## ASSIGNMENT
When you reach the line that contains "this 1600×1200 image.", begin copying exactly, and continue through the last line of the data; no pictures belong in the copy.

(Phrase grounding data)
== Segment start ==

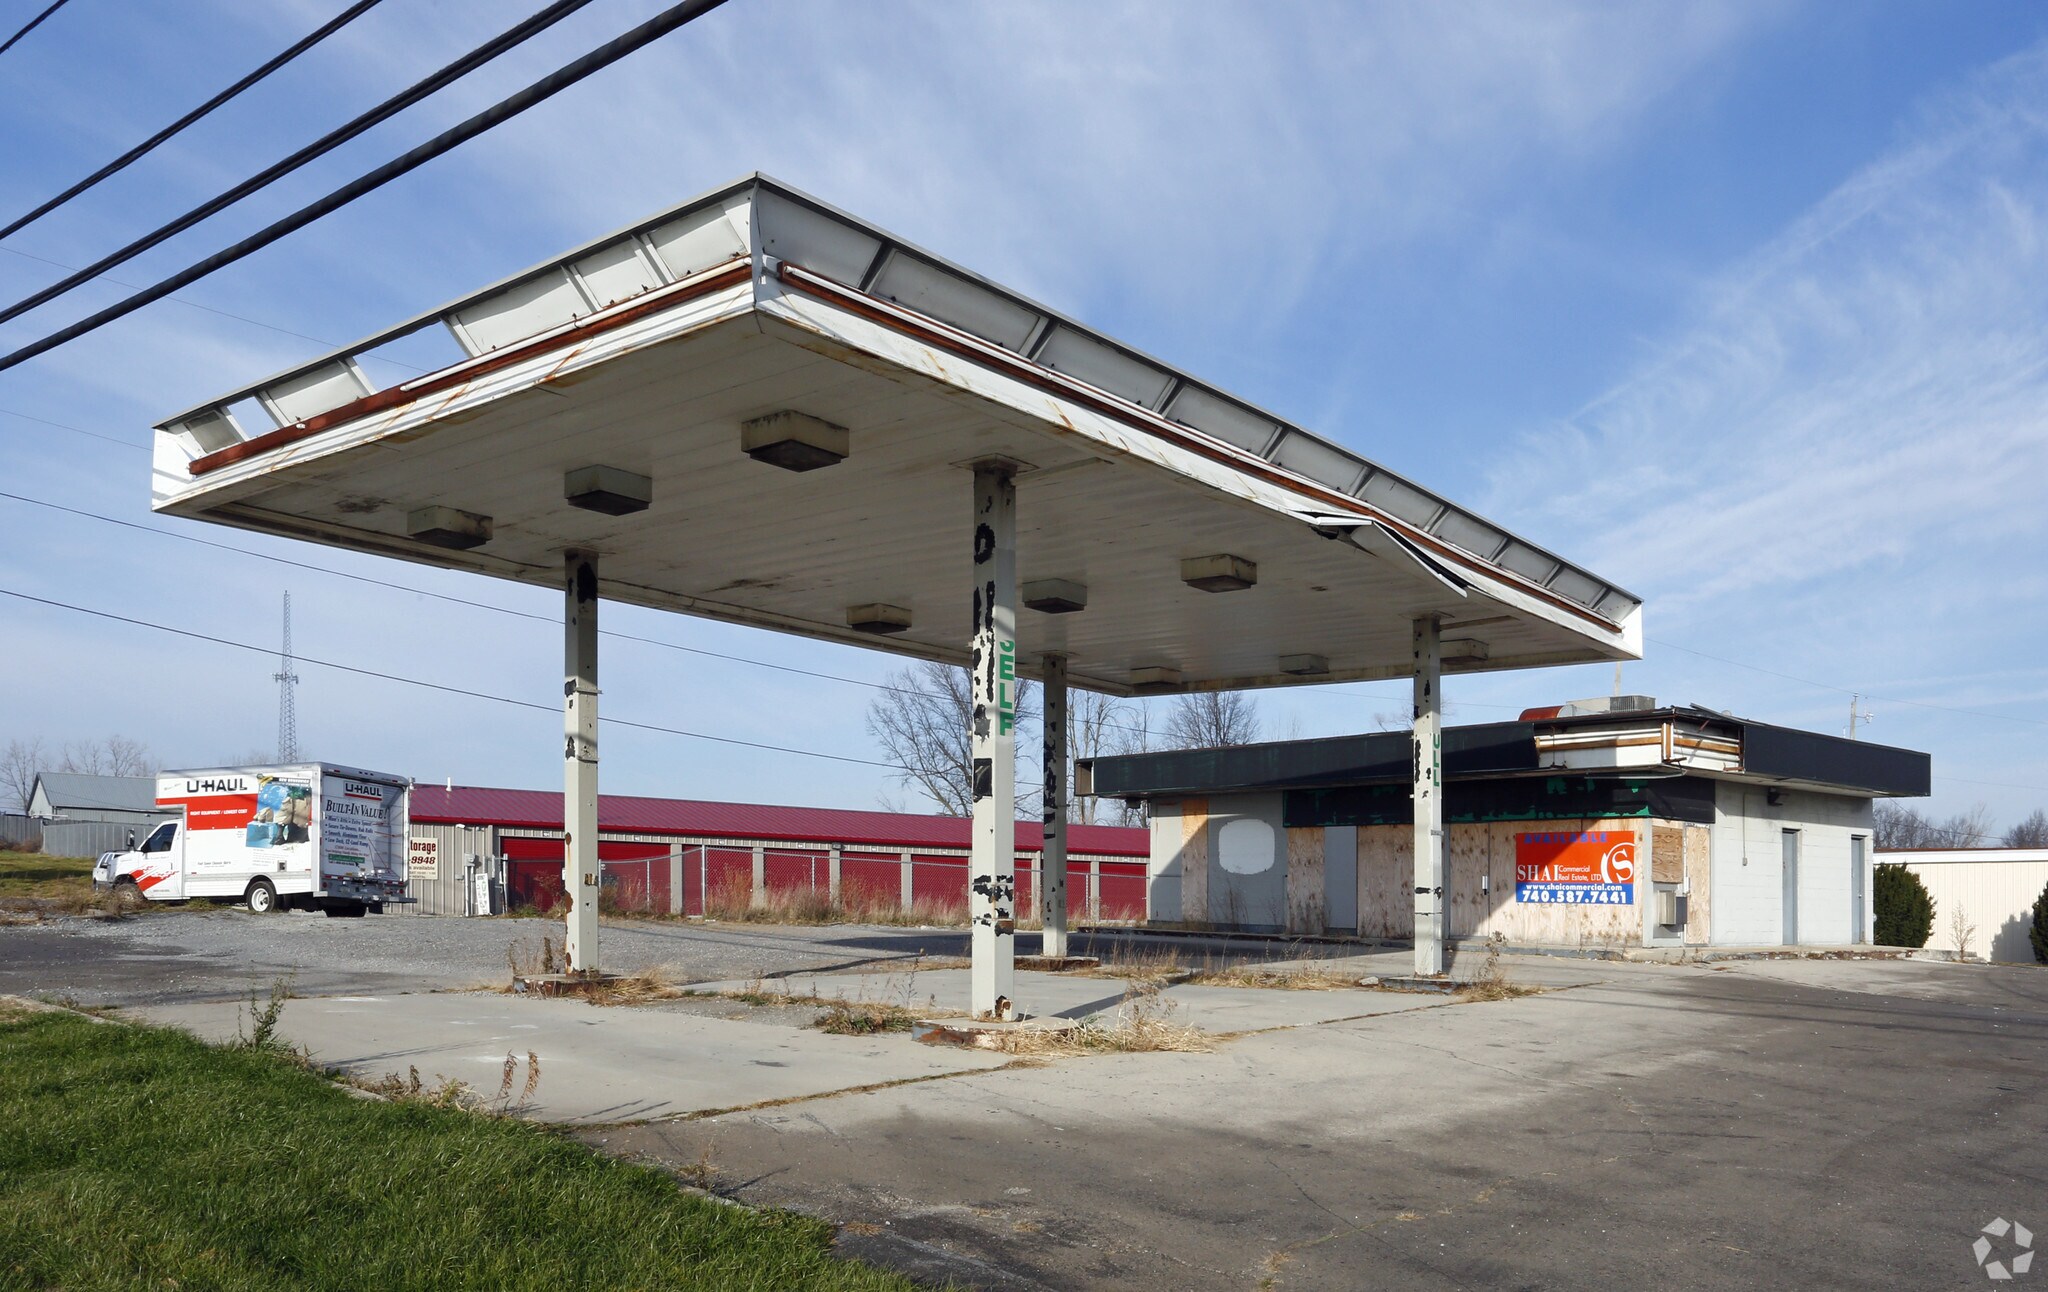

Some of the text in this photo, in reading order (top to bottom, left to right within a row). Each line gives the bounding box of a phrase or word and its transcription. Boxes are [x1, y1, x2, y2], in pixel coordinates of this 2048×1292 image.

[187, 778, 248, 793] U-HAUL
[345, 783, 382, 797] U-HAUL
[1524, 832, 1608, 844] AVAILABLE
[410, 840, 436, 854] torage
[410, 856, 436, 864] -9948
[1518, 864, 1559, 881] SHAI
[1522, 890, 1626, 903] 740.587.7441
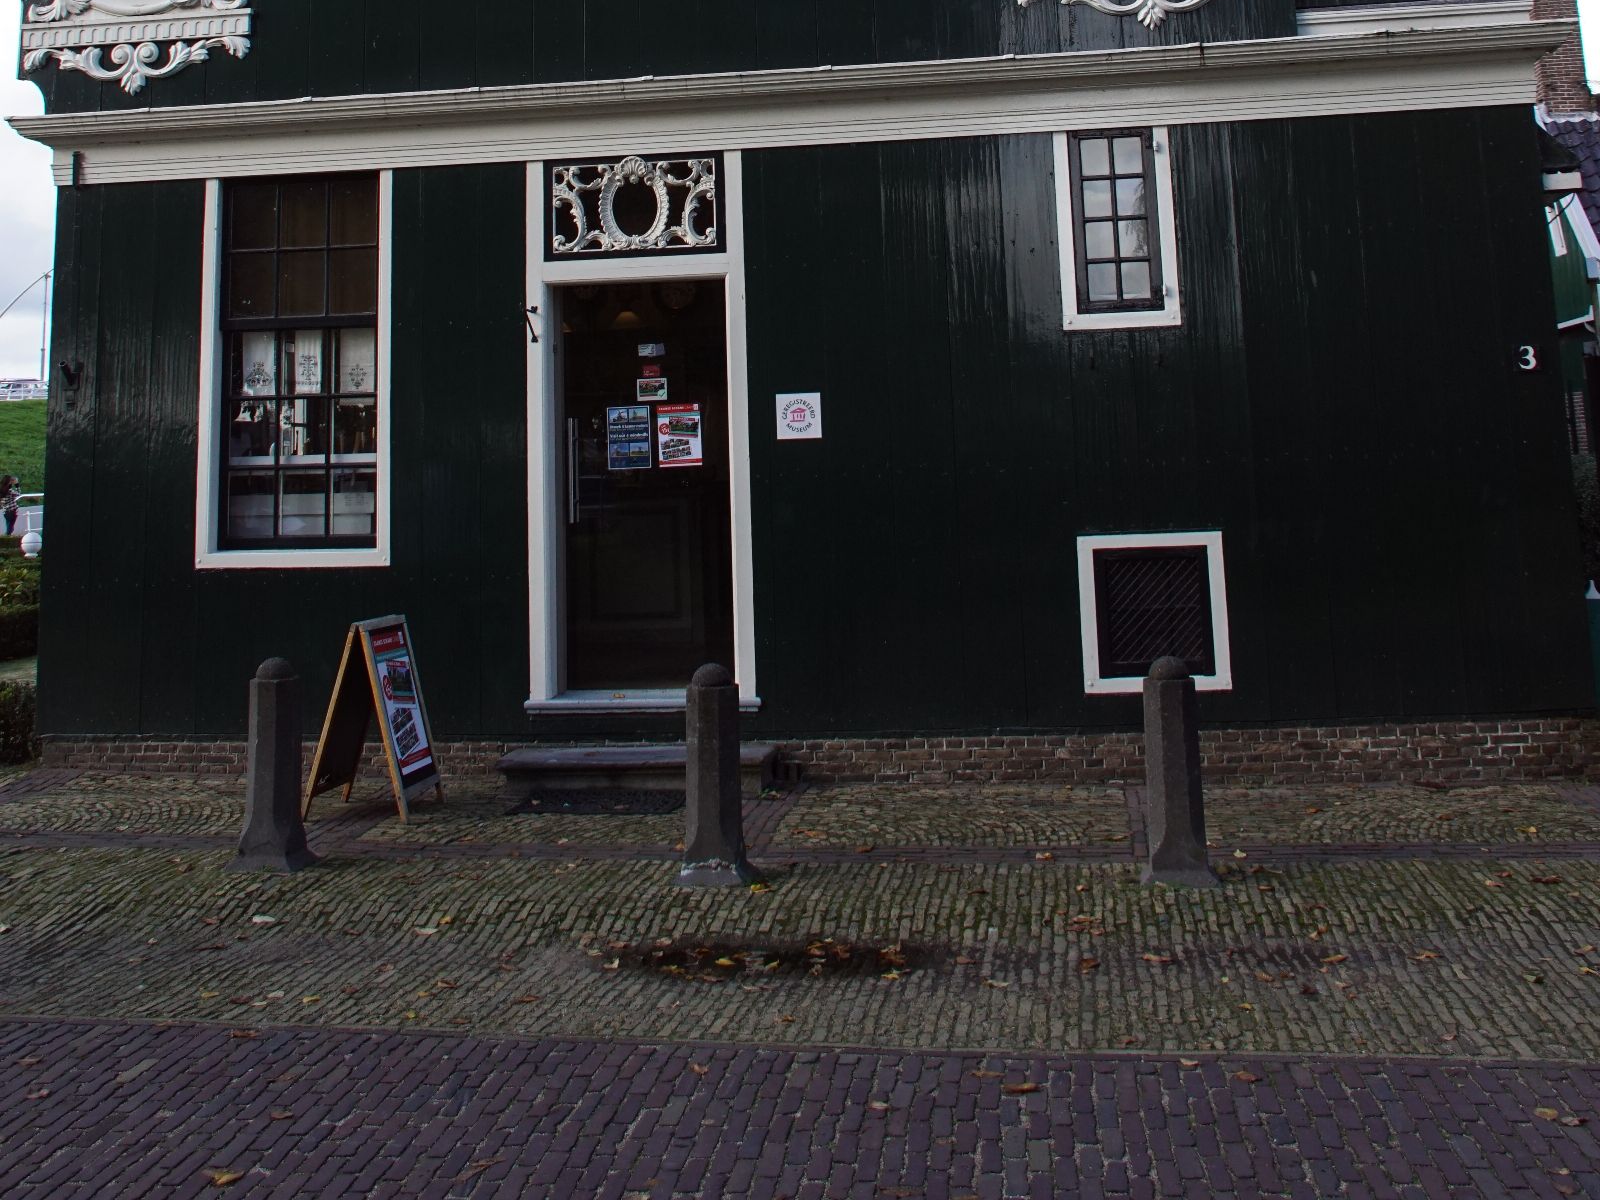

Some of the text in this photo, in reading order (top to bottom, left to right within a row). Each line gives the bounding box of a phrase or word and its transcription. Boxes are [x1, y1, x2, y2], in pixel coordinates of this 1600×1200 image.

[1518, 345, 1537, 370] 3
[782, 399, 816, 419] GEREGISTREERD
[786, 422, 812, 432] MUSEUM
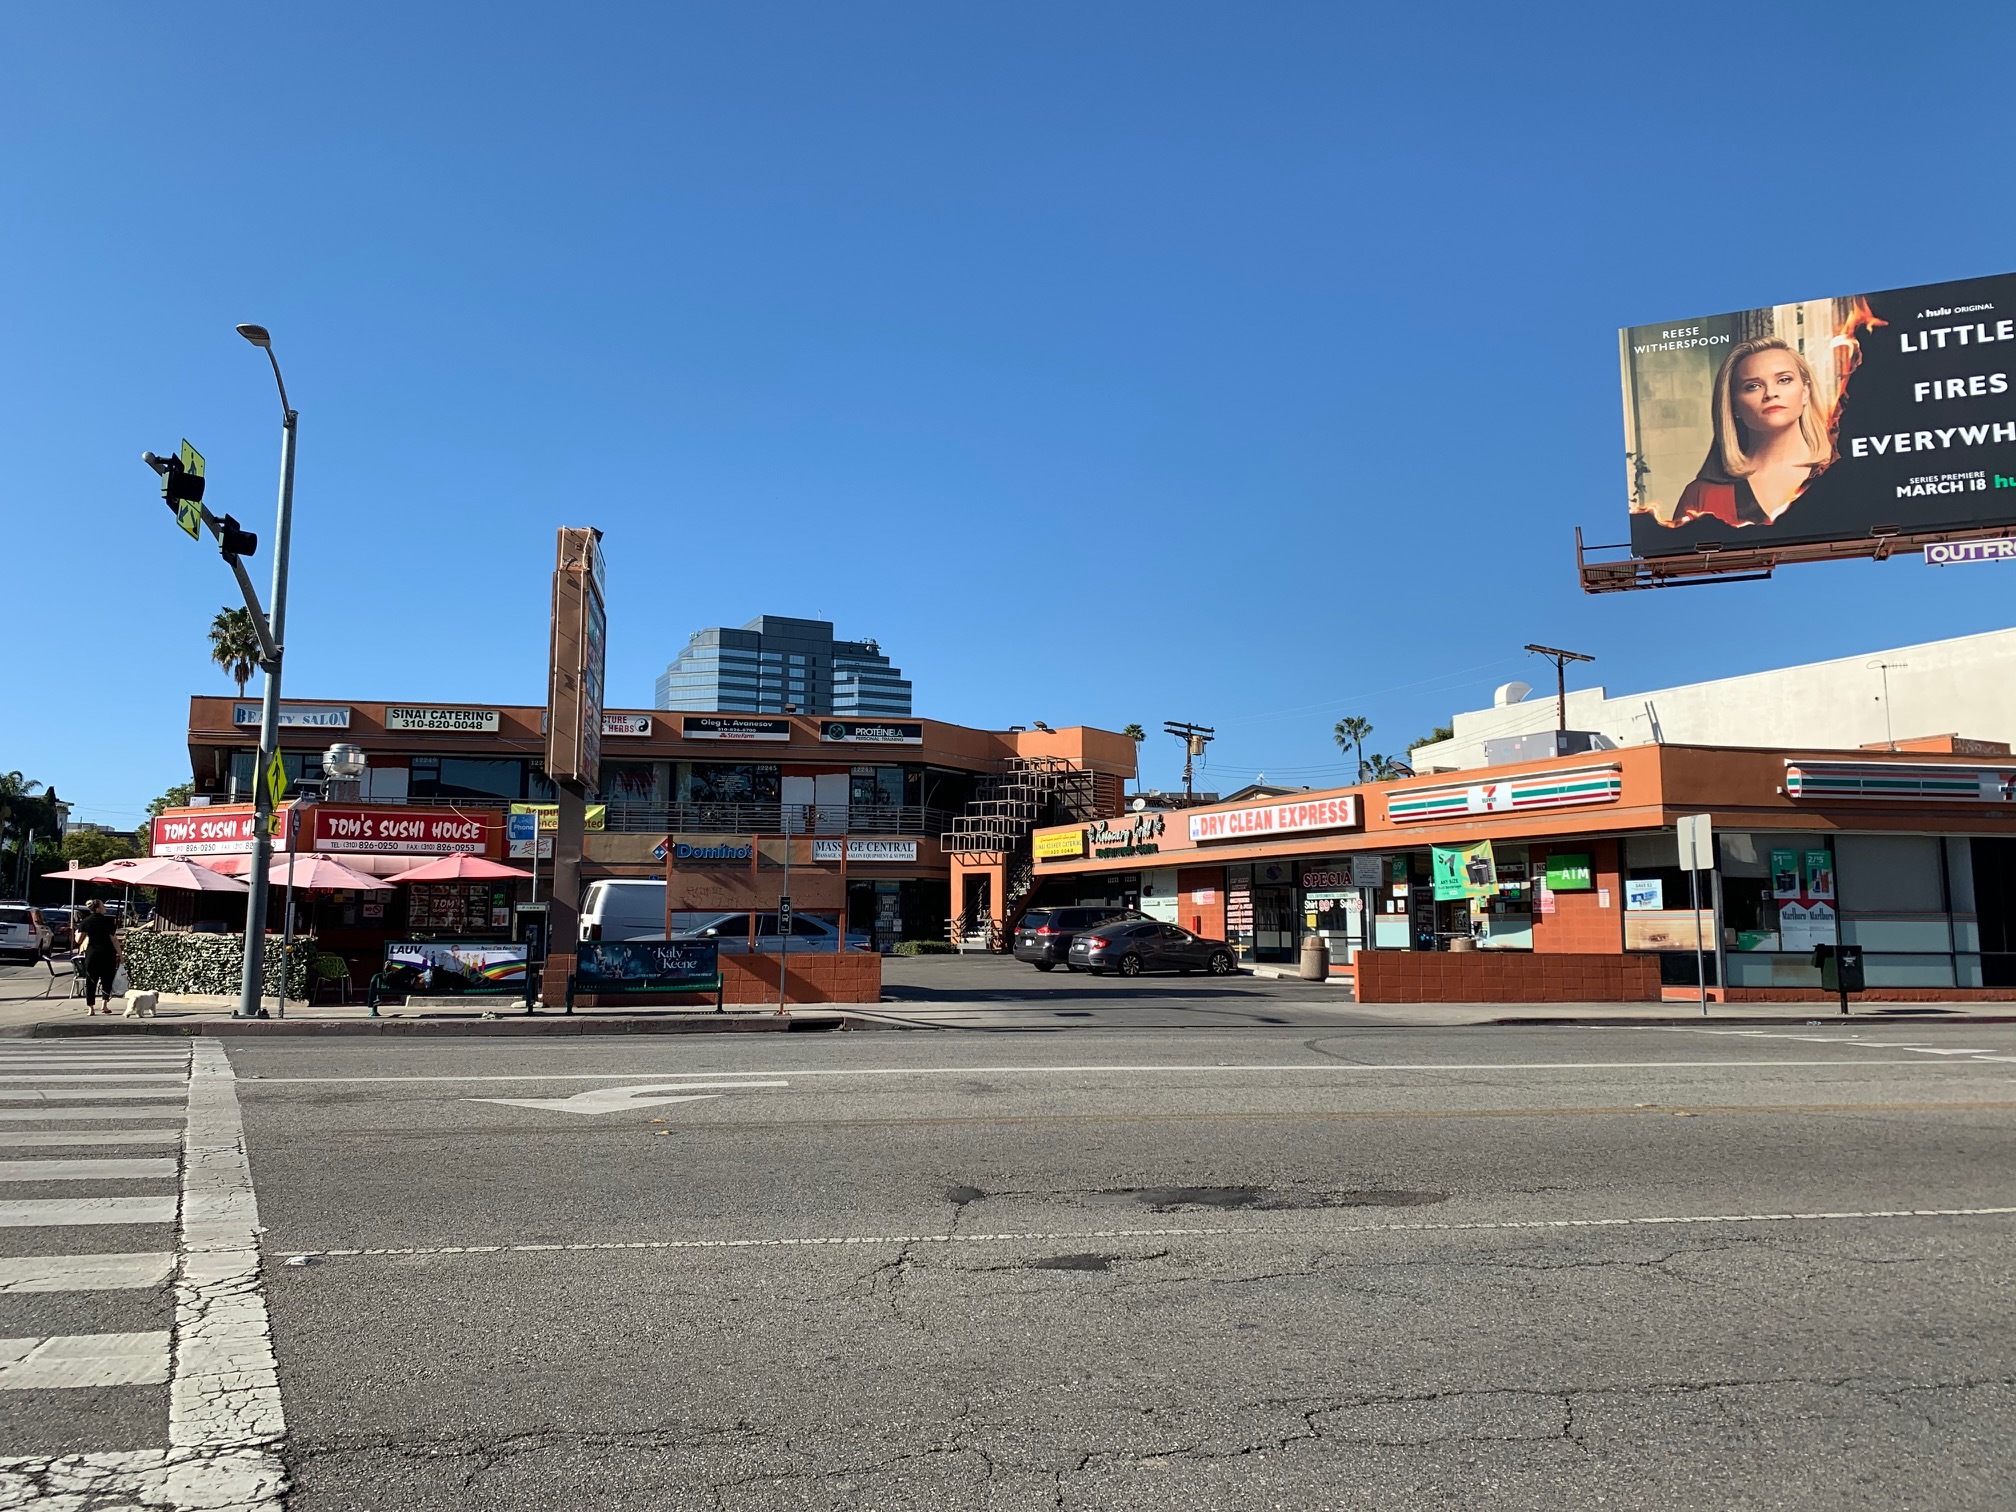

== Segment end ==

## RESULT FOR THIS TASK
Some of the text in this photo, in reading order (top to bottom, left to right within a row). Each line gives the bounding box of a phrase or word and its transcription. Boxes are [x1, y1, x2, y2], in pixel coordinates of this 1600×1200 image.

[1518, 345, 1537, 370] 3
[782, 399, 816, 419] GEREGISTREERD
[786, 422, 812, 432] MUSEUM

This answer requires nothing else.